When initialized defo will call the view functions of any matching elements that are in the DOM, as well as for any and all future changes to the DOM.

Options

The defo function takes three options arguments:

  • scope — a DOM scope for defo to use. Defaults to document.documentElement.
  • prefix — The prefix used for namespacing data attributes. Defaults to defo.
  • views — an object for mapping view functions to known attribute names

View functions API

View functions are at the core of defo’s functionality.
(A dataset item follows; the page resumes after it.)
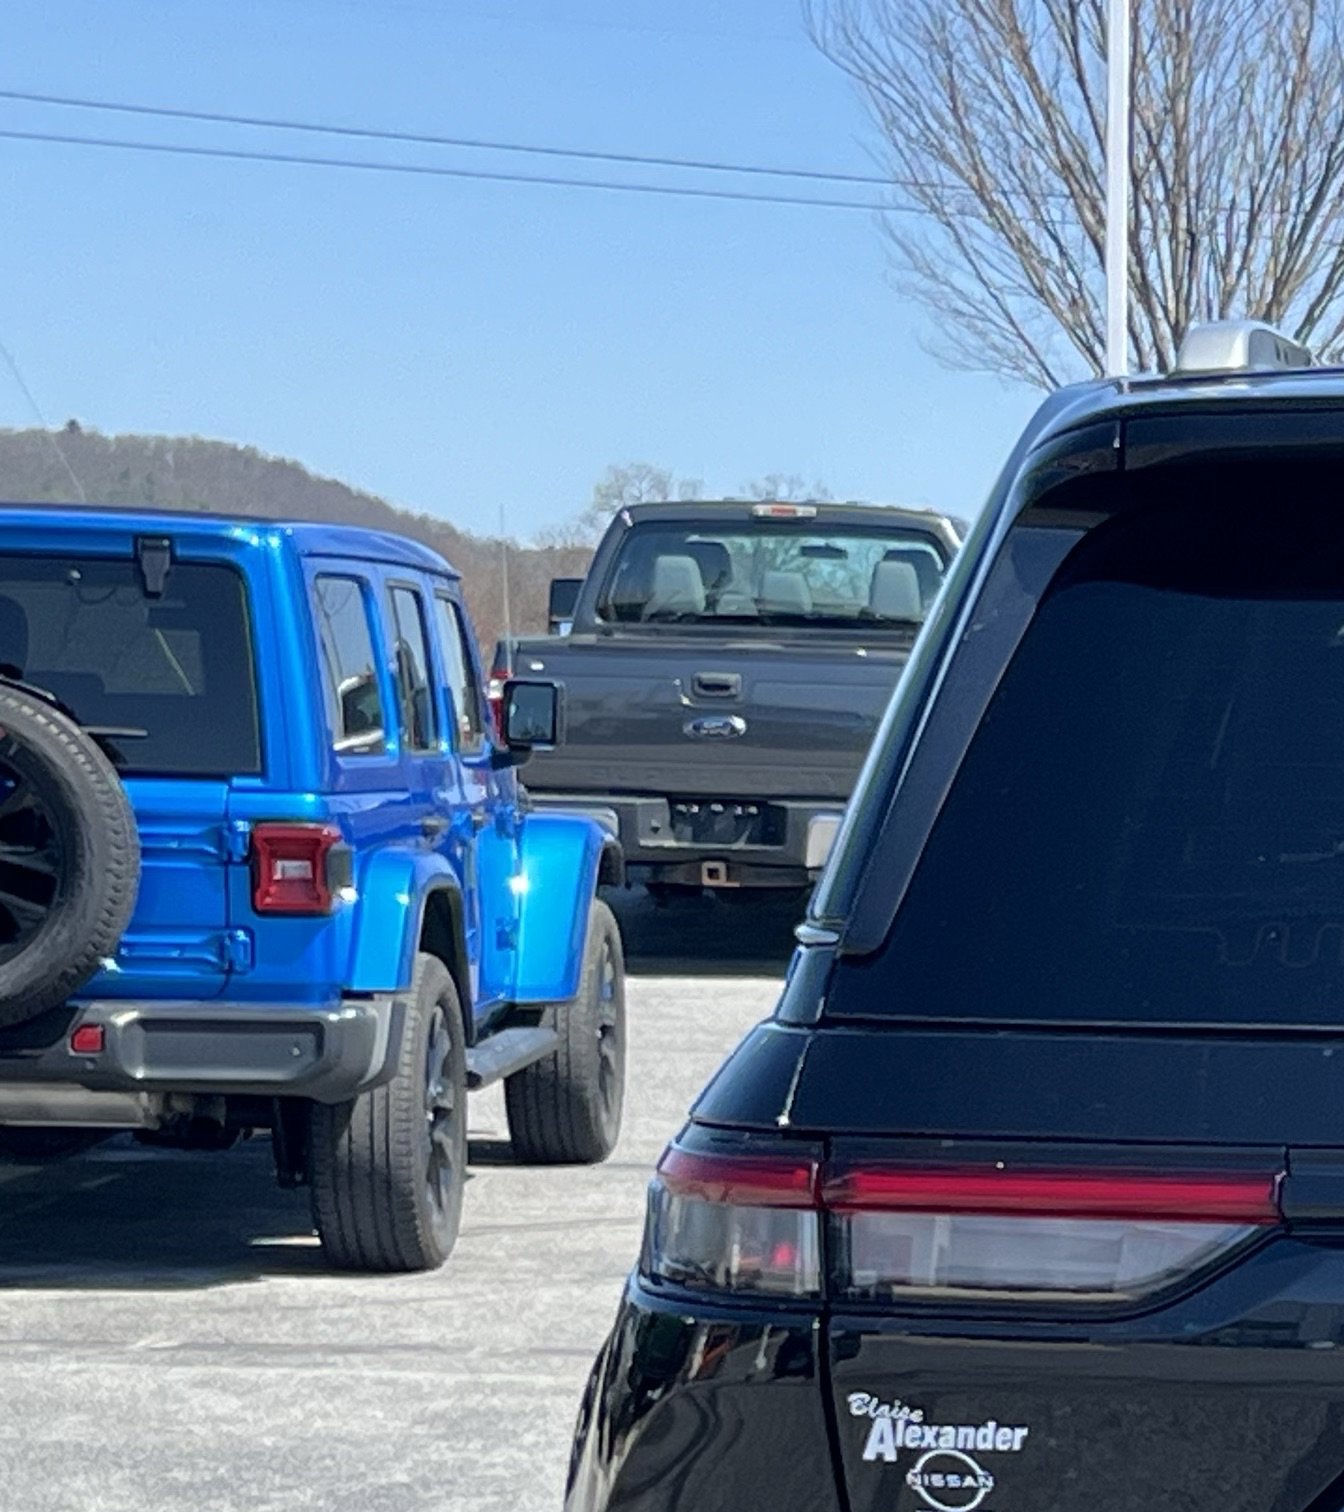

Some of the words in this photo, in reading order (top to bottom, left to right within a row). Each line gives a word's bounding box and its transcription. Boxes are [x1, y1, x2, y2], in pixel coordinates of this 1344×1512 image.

[848, 1391, 924, 1423] Blaise
[862, 1418, 1029, 1462] Alexander
[906, 1470, 995, 1490] NISSAN
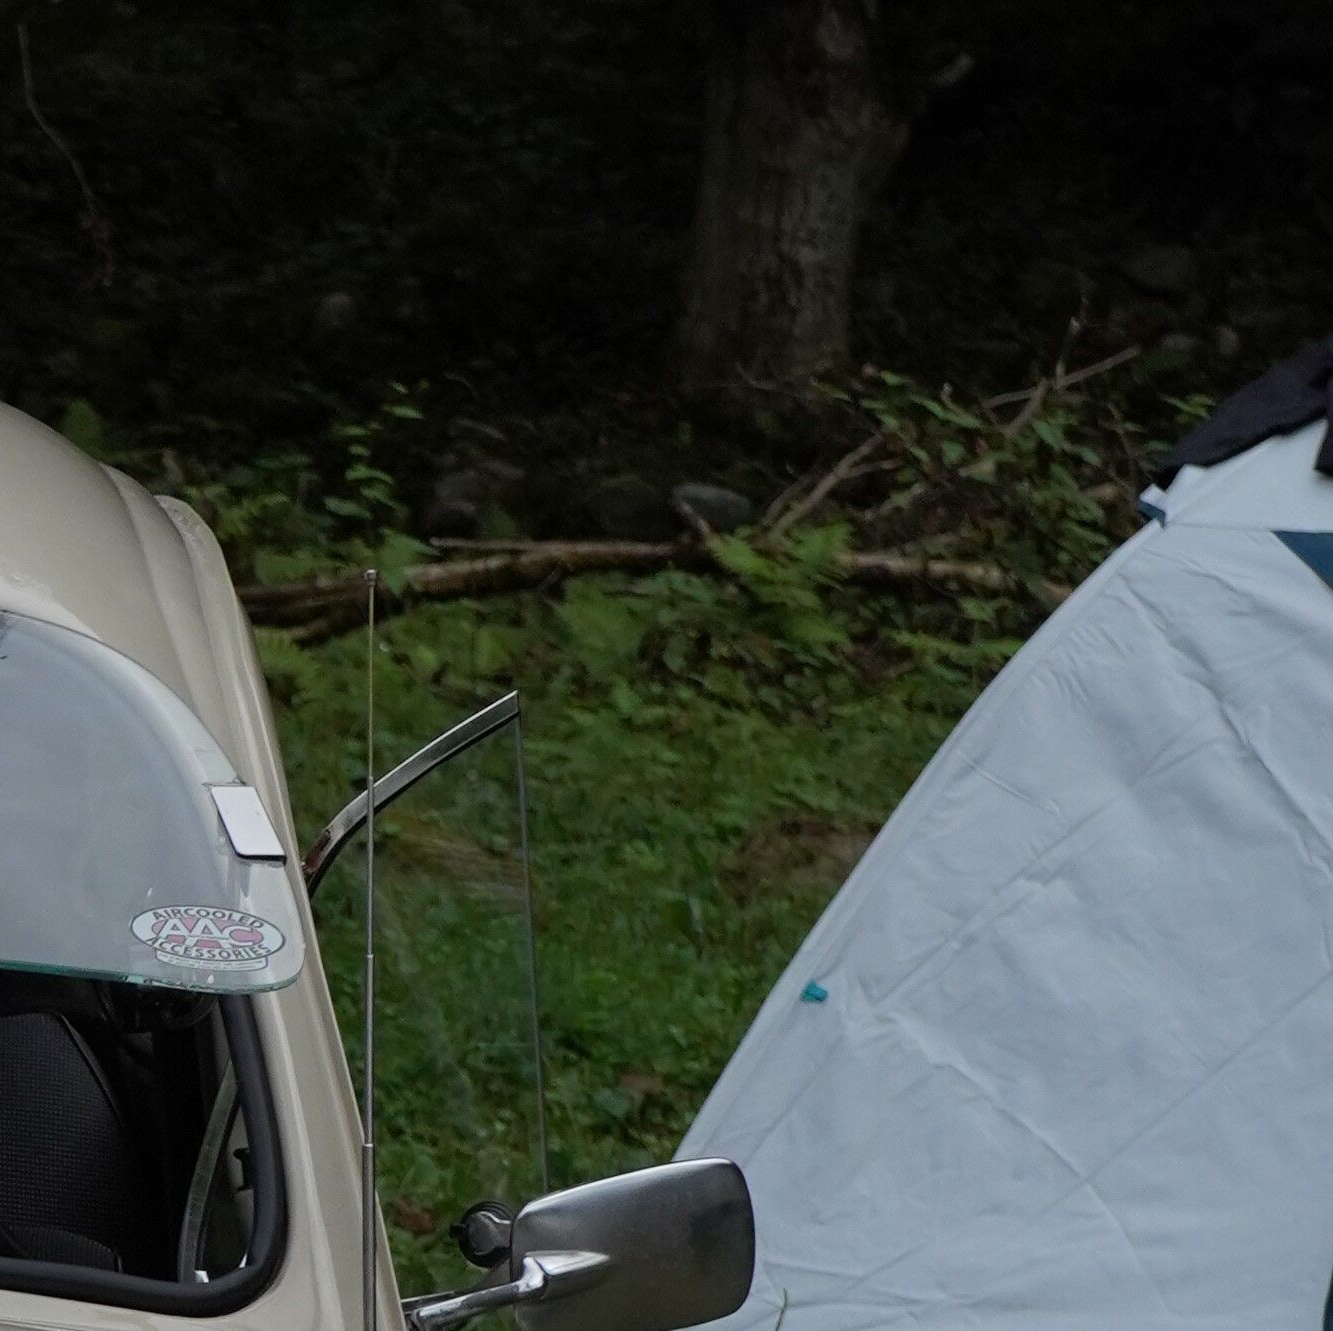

They have a simple shape:

function viewName(el, props) {
  return {
    update: (nextProps, prevProps) = {},
    destroy: () = {},
  }
}

The view function itself will be called on initialization for a given DOM node, and will receive two agruments:

  • el — the DOM node that triggered the instance of the function call
  • props — JSON-parsed version of the relevent els matching data-attribute value

Life-cycle methods

The return value of each view function is expected to be an object defining update and destroy methods for managing the full life-cycle of the instance of a view.

Update

update will be called whenever the value of a nodes matching data-attribute is changed. If defined, that method will be called with two arguments:

  • nextProps — JSON-parsed version of the current attribute value
  • prevProps — JSON-parsed version of the previous attribute value

Destroy

destroy will be called whenever a node:

  • Is removed from the DOM
  • Has its relevant data-attribute removed

Async views functions

View functions can return a Promise. This will be automatically unwrapped to retrive any returned life-cycle methods:

async function asyncViewName(el, props) {
  const dependency = await import("dependency");
  // Do something with dependency
  return {
    update: (nextProps, prevProps) = {},
    destroy: () = {},
  }
}

Browser support

Defo should work in any browser that support MutationObserver.